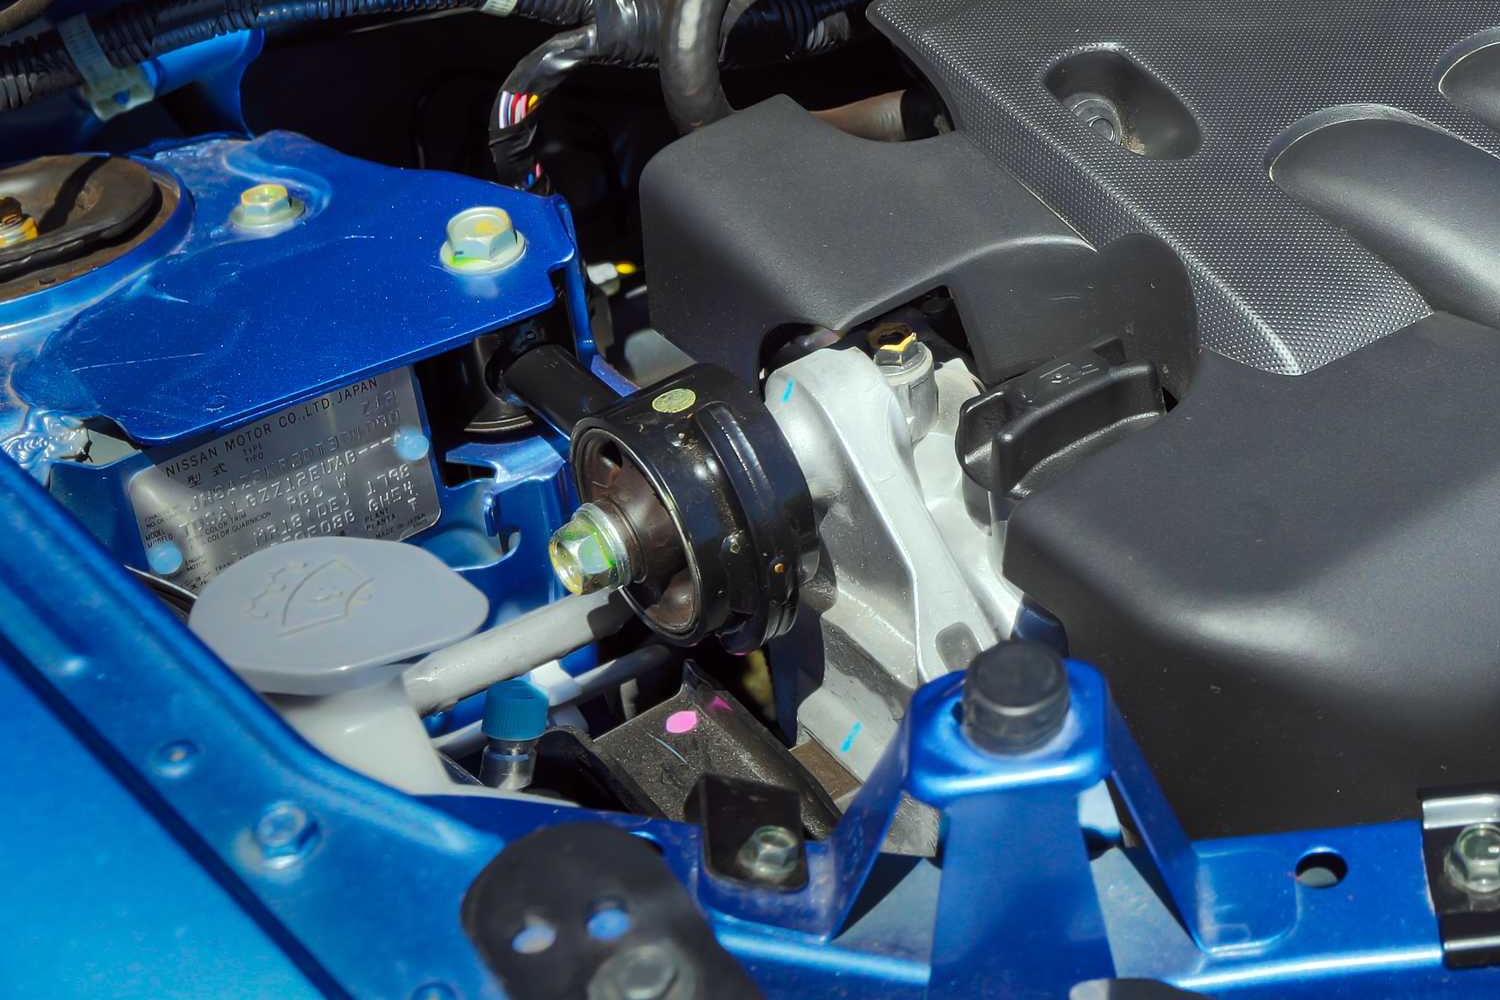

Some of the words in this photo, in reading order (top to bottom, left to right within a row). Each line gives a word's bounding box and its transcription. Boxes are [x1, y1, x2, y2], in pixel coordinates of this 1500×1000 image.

[165, 446, 218, 478] NISSAN
[224, 422, 272, 453] MOTOR
[337, 376, 378, 402] JAPAN
[205, 519, 228, 536] COLOR
[207, 527, 230, 543] COLOR

☆ ☆ ☆ ☆

◆ Directions for this task
Could you set down every entry above exactly as it stands, with no images?

◆ Answer box
Some of the words in this photo, in reading order (top to bottom, left to right within a row). Each line gives a word's bounding box and its transcription. Boxes are [x1, y1, x2, y2], in pixel coordinates of this 1500×1000 image.

[165, 446, 218, 478] NISSAN
[224, 422, 272, 453] MOTOR
[337, 376, 378, 402] JAPAN
[205, 519, 228, 536] COLOR
[207, 527, 230, 543] COLOR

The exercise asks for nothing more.